Lesson Learned: Do not ignore intuition or dreams. Something in the subconscious is telling you the situation is unsafe. In this case, I’ll never know, he might have been the nicest guy ever. I stick with trusting my intuition, even though it cost me a possible relationship. This experience reinforced something I was starting to understand – anyone who moves too fast, pressures you to push your pace and do something outside your comfort zone, who downplays your need to keep yourself safe – that person is raising a huge red flag. Women have unknowingly crossed paths with sociopaths, malignant narcissists and serial killers, trusted their lives and the lives of their children to men they barely knew, with tragic results. Never be manipulated into ignoring your instincts. Don’t be shamed. Don’t be threatened. Don’t ignore your instincts because you feel embarrassed. The news is full of narratives where people say I had a feeling something was off, but I ignored it. I should have paid attention. Don’t be that person.
These stories may give the impression I always put men at fault. Not so. I’m well aware men might be out there writing cautionary tales about relationships with someone like me.
I never want to give up my trusting nature and my belief in the goodness of people. But I learned to accept the reality of the world we live in. Men (and women) lie, cheat, manipulate, con, hurt, disappoint, prey upon, bully, keep secrets, stalk, exploit, present themselves falsely, and in worst-case-scenarios assault, rape and murder – then minimize, deny, deflect, gaslight, blame others, and cast themselves as the victim while they do it. And it’s not black-and-white – good people end up behaving badly in some situations.

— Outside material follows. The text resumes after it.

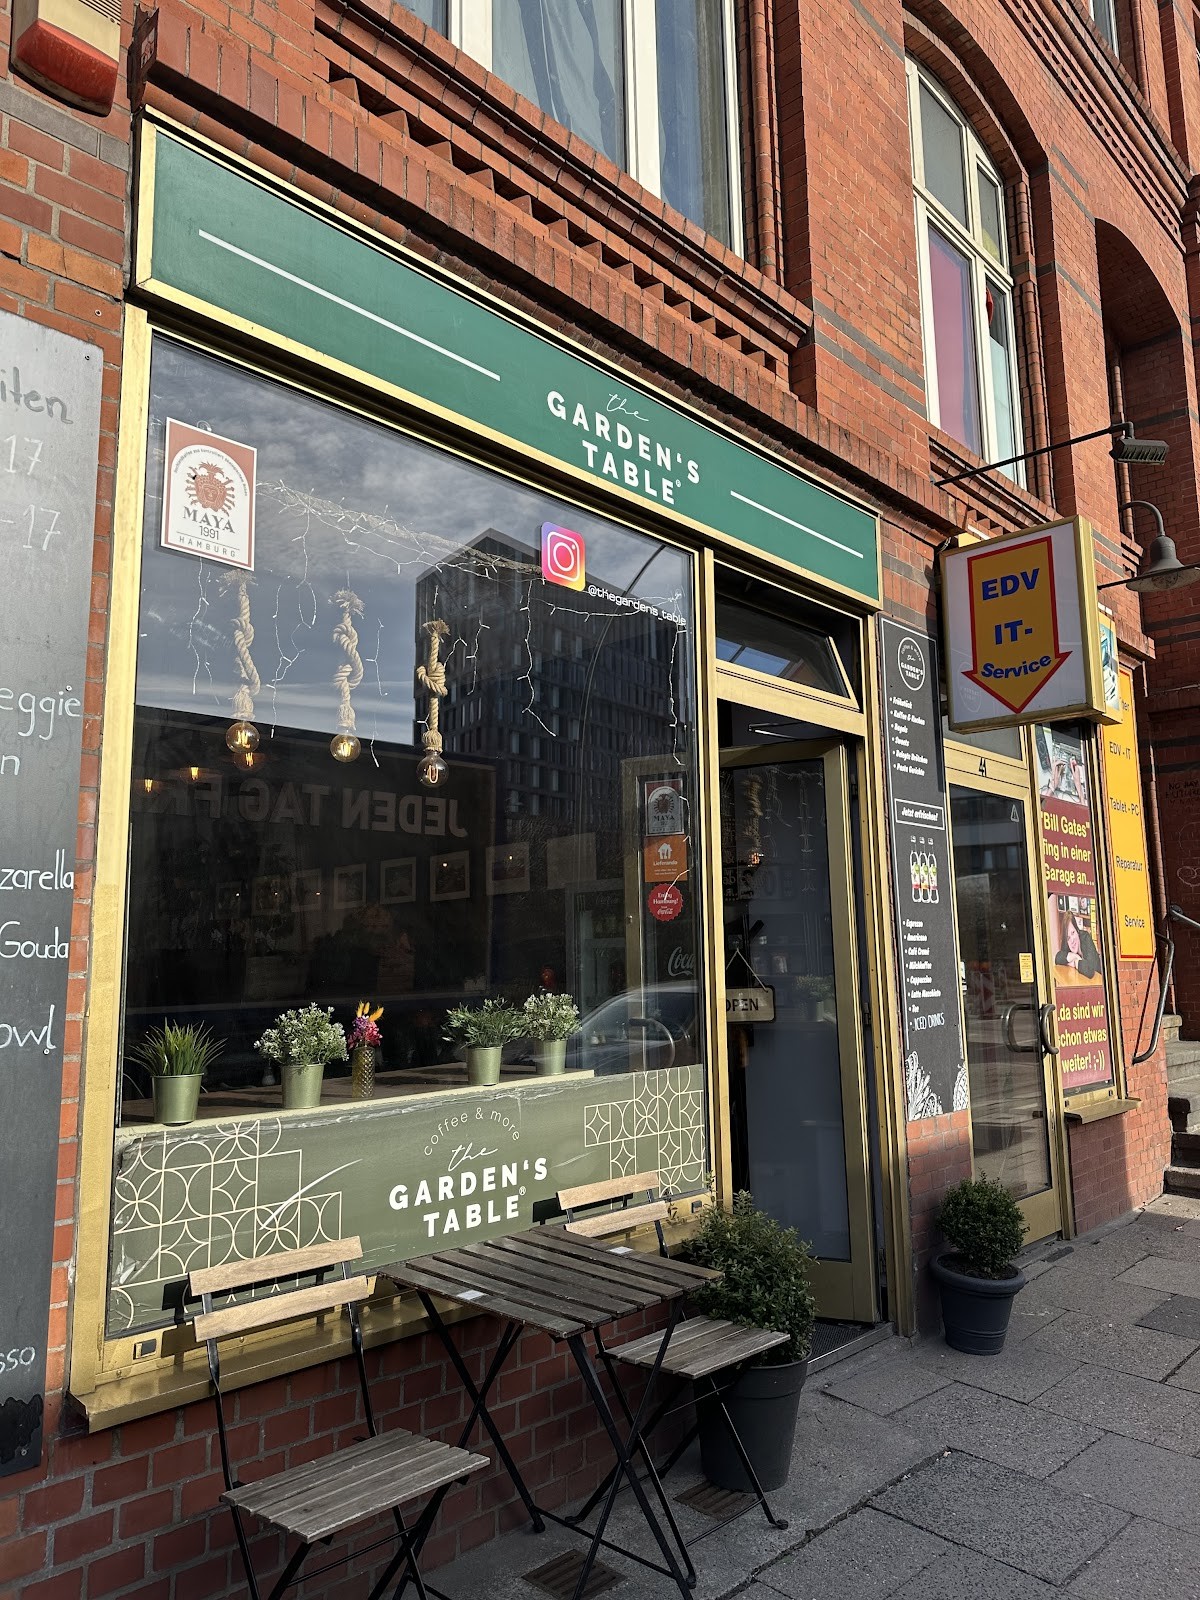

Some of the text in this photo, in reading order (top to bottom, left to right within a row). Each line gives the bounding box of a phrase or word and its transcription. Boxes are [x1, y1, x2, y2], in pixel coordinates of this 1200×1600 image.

Hope and wanting make you vulnerable to an extent; I never found a way around that other than life experience. In my 25-year** learning curve, I got better in my skills and my selection process. When I made missteps I tried not to dwell on self-recrimination. I tried to remain optimistic despite bitter setbacks. Some experiences left me sad, resentful, disillusioned, distrustful, angry, wary, yet some part of me remained committed to a life with love in it.
There are wonderful potential partners out there who are worth the trouble to find. What kept me from finding one sooner was spending months, sometimes years, with men who were never going to be that partner for me. I reacted to hurt unpredictably – sometimes endlessly accommodating and forgiving nonsense, and at other times instituting a harsh one strike and you’re out policy with men. Over time I found balance. The trick is to evolve and not keep repeating the same hard lesson over and over. Learn and grow. Carry on.
* “While My Guitar Gently Weeps.” The White Album. 1968. Writer: George Harrison
Publisher: Concord Music Publishing LLC. My favorite version: Guitar Heaven: the Greatest Guitar Classics of All Time, performed by Santana and Yo Yo Ma, featuring India Arie.
**I started dating around age 15 and got married at age 40, so spent about 25 years in and out of relationships (including a short first marriage) before entering into marriage with my right partner. This year will be our 25-year anniversary, marking a milestone for me – I’ve now been with one man longer than I was with all the other men put together.